And now I must say you very important thing - Russians are so crazy anti-humanists, that this really could be reason for fears of Japanese about USSR invasion.

To be honest, I think bombs was enough to intimidate Japanese, but I think, even without bombs, Russians behavior at war, with US Land-lease technical/economical support would be enough to convince Japanese to surrender, may be later, sought.


The has been a ton of debate since the war over whether Japan would have surrendered, and if so how early. The concern at the time, and it has always seemed reasonable to me, was that the Japanese were committed to fighting to the last person and to make them surrender through combat on their home turf would have killed many, many more than the two nukes did.

I don't raise that as justification and personally wish we were never stupid enough as a species to build such a weapon, but we tend to be that stupid. I do, though, agree that we likely would have lost more people on both sides and for Japan that number still would have included a large number of civilians.

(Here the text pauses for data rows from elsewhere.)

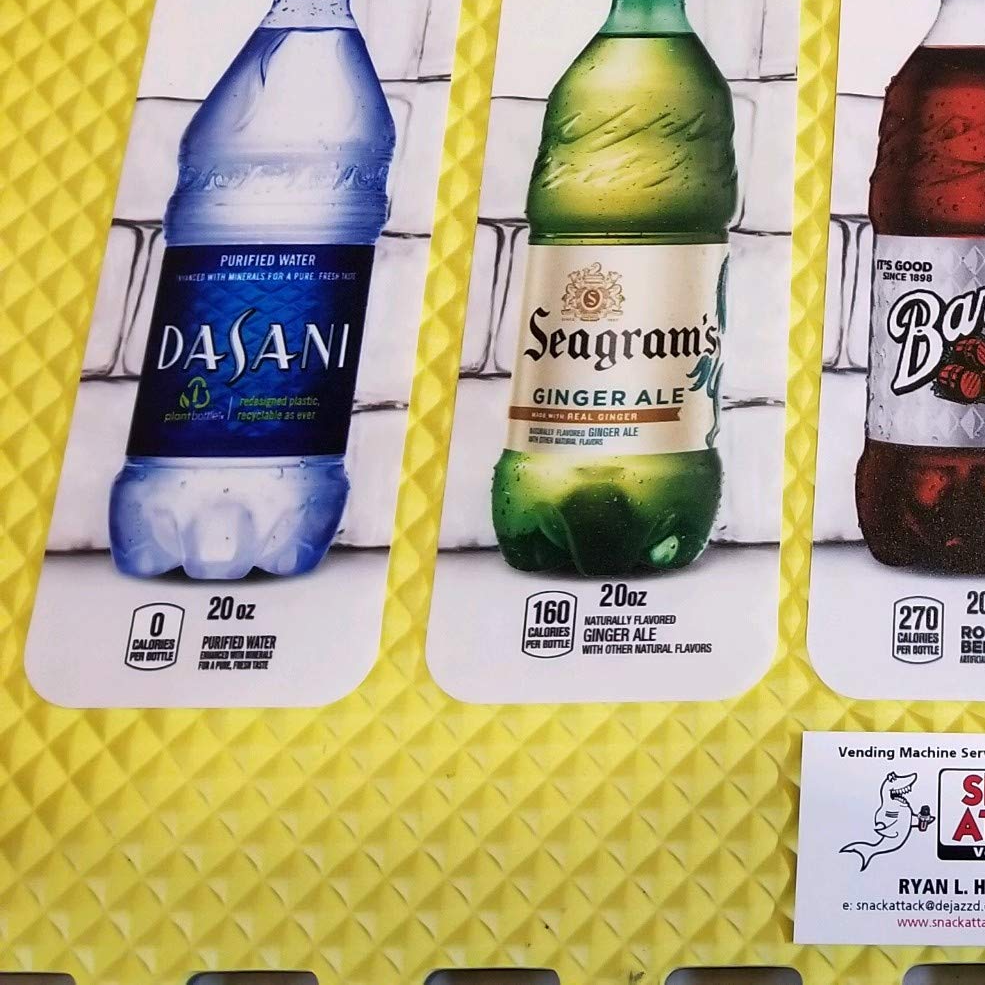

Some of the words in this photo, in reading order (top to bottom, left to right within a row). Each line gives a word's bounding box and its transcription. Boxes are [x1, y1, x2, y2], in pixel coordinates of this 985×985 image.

[220, 255, 274, 266] PURIFIED
[279, 254, 316, 265] WATER
[877, 260, 892, 271] IT'S
[895, 261, 932, 272] GOOD
[883, 273, 907, 281] SINCE
[909, 273, 932, 282] 1898
[524, 307, 718, 371] Seagram's
[157, 311, 350, 388] DASANI
[240, 396, 286, 408] redesigned
[289, 396, 320, 407] plastic,
[533, 388, 625, 406] GINGER
[635, 388, 685, 405] ALE
[237, 410, 281, 422] recyclable
[598, 413, 638, 421] GINGER
[589, 427, 619, 437] GINGER
[623, 427, 639, 436] ALE
[207, 596, 234, 620] 20
[236, 604, 256, 620] oz
[533, 600, 570, 624] 160
[584, 616, 631, 625] NATURALLY
[634, 615, 676, 624] FLAVORED
[899, 606, 939, 630] 270
[150, 613, 165, 637] 0
[528, 627, 570, 637] CALORIES
[584, 628, 629, 642] GINGER
[633, 628, 656, 641] ALE
[898, 633, 939, 643] CALORIES
[132, 639, 175, 650] CALORIES
[202, 636, 244, 649] PURIFIED
[246, 636, 276, 649] WATER
[526, 640, 541, 649] PER
[543, 640, 570, 648] BOTTLE
[582, 645, 603, 654] WITH
[605, 645, 632, 654] OTHER
[635, 644, 673, 654] NATURAL
[675, 643, 712, 653] FLAVORS
[838, 747, 895, 760] Vending
[900, 747, 957, 759] Machine
[899, 879, 948, 895] RYAN
[954, 879, 968, 895] L.
[842, 903, 852, 911] e:
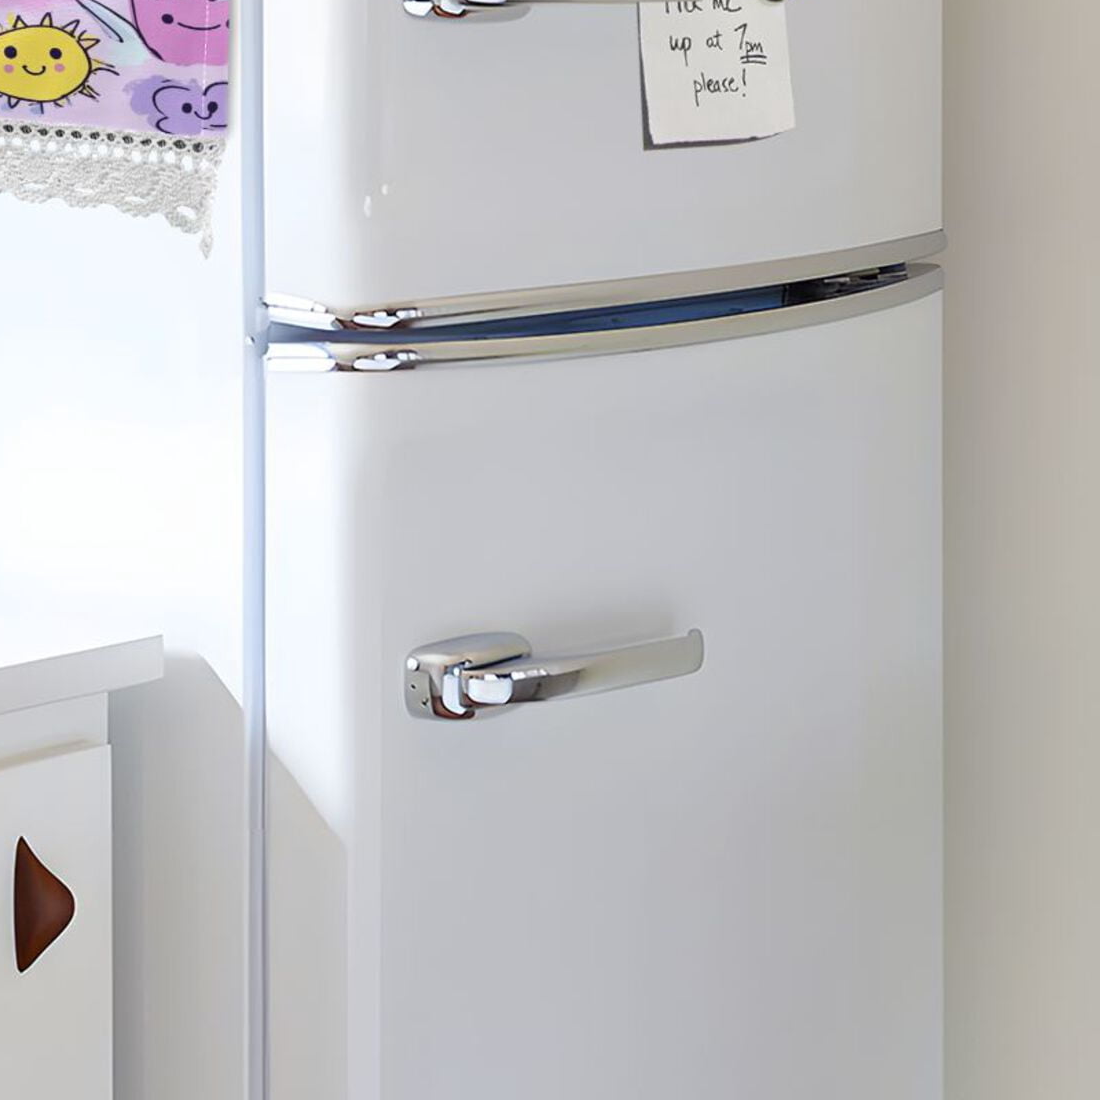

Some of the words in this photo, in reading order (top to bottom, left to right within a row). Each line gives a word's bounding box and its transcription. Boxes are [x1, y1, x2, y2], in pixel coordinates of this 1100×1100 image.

[669, 34, 692, 67] up
[705, 29, 723, 51] at
[693, 68, 746, 108] please!

I agree, it was totally reasonable and worth it.


Oh I didn't meant to imply that I personally see the nukes as having been reasonable or worth it.

Frankly, I don't know how one could ever make the decision that killing 100,000 is "worth it" and I hope I never have to.

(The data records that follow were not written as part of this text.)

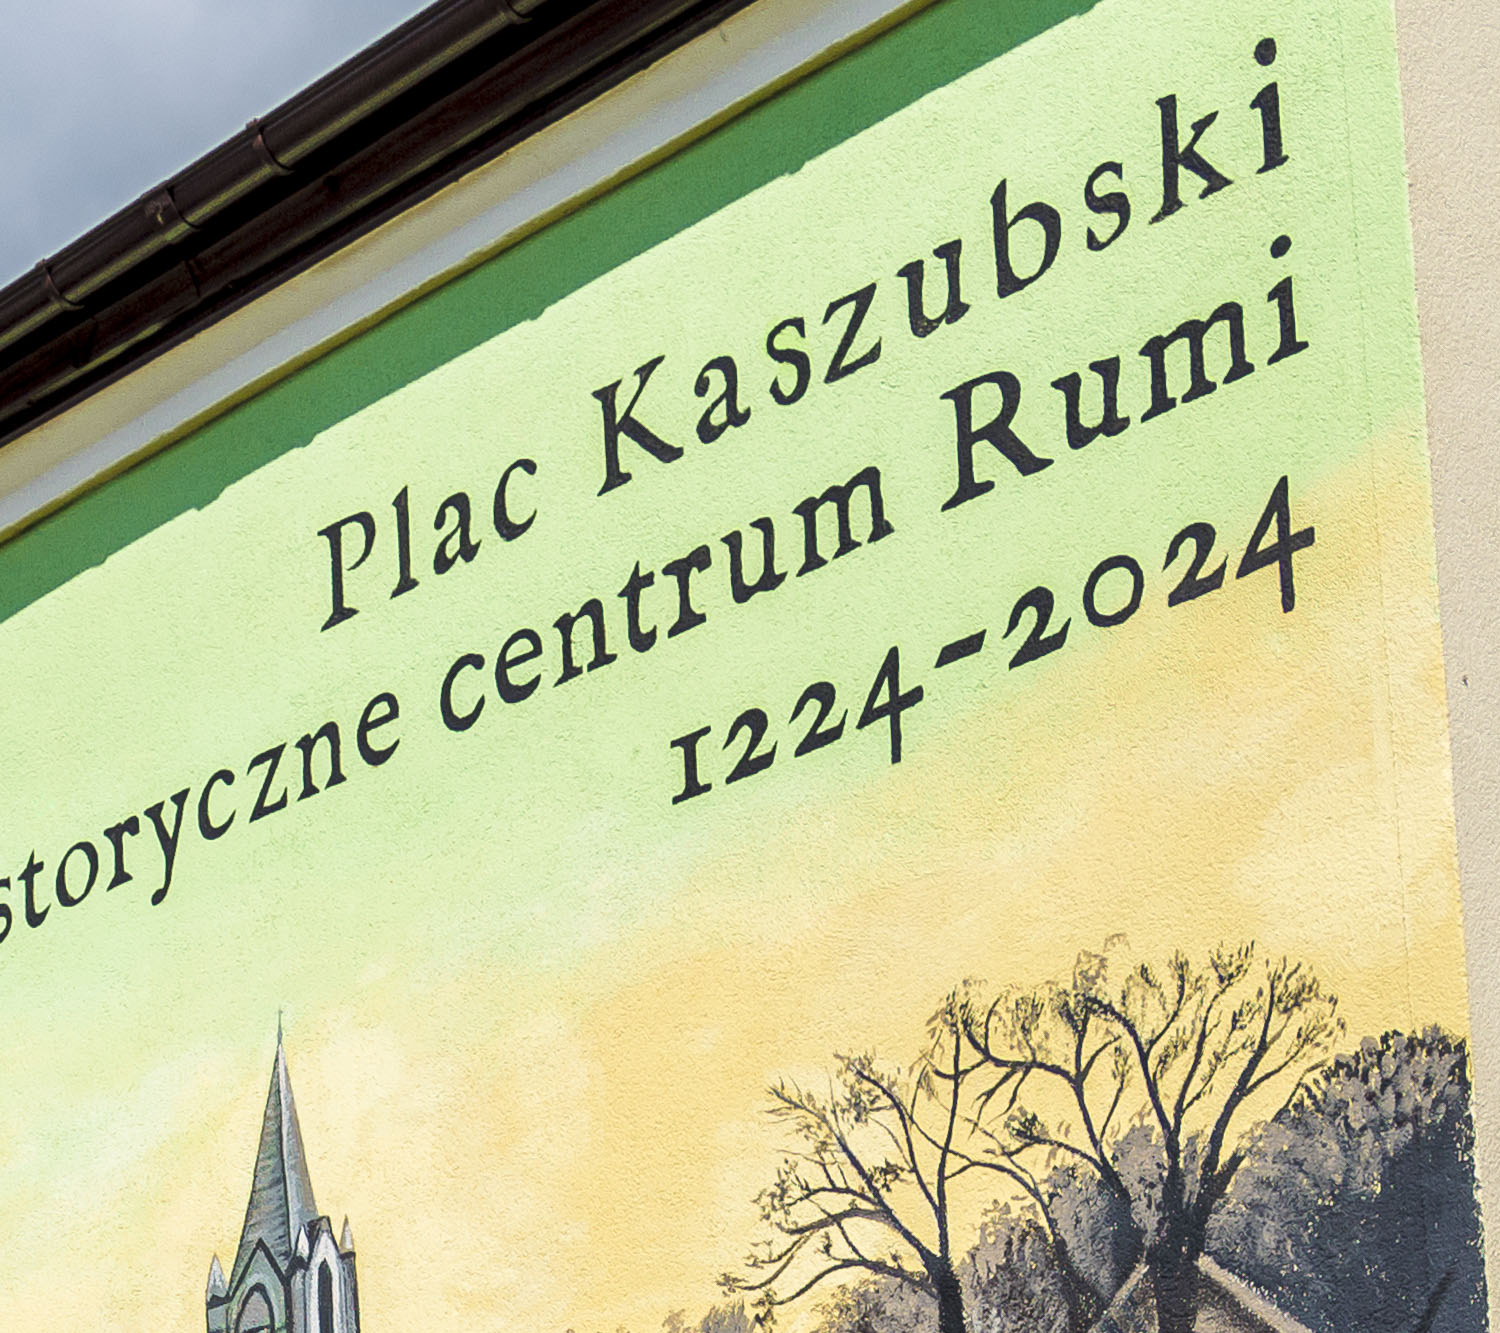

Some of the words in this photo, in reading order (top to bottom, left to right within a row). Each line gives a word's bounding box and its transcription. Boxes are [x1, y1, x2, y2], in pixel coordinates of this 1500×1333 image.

[318, 458, 537, 632] Plac
[591, 37, 1290, 497] Kaszubski
[440, 466, 895, 732] centrum
[939, 234, 1309, 513] Rumi
[670, 475, 1315, 805] 1224-2024

Personally I think we should never have tried to invent the nuclear bomb to begin with, avoiding the decision entirely. I understand the whole "but then the enemy would have it first" argument, I just don't buy it. Sure, maybe the "enemy" would go on to invent it but that's a burden they'll have to bear.

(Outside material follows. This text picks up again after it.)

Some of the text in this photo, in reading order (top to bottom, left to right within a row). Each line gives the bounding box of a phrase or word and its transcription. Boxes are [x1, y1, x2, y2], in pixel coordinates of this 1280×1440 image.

Sometimes standing on principle includes dying on principle, we seem to have lost the importance of all that along the way. I chalk that up to the increase rate of invention making it too scary to take a step back, even for a moment, to decide whether we should do something that we know we can do.


I always saw the atomic bomb as more of a defensive rather than offensive tactic. We were super worried about the Germans getting there first and wanted to ensure we could respond in kind of they did


And then germany surrendered and it was still dropped. Twice.

Doesn't hold.


Japan was never going to surrender. They were going to fight until the end. More lives would have been lost. The bomb saved lives.


It was really aimed at "allies" (soviet union), not japan.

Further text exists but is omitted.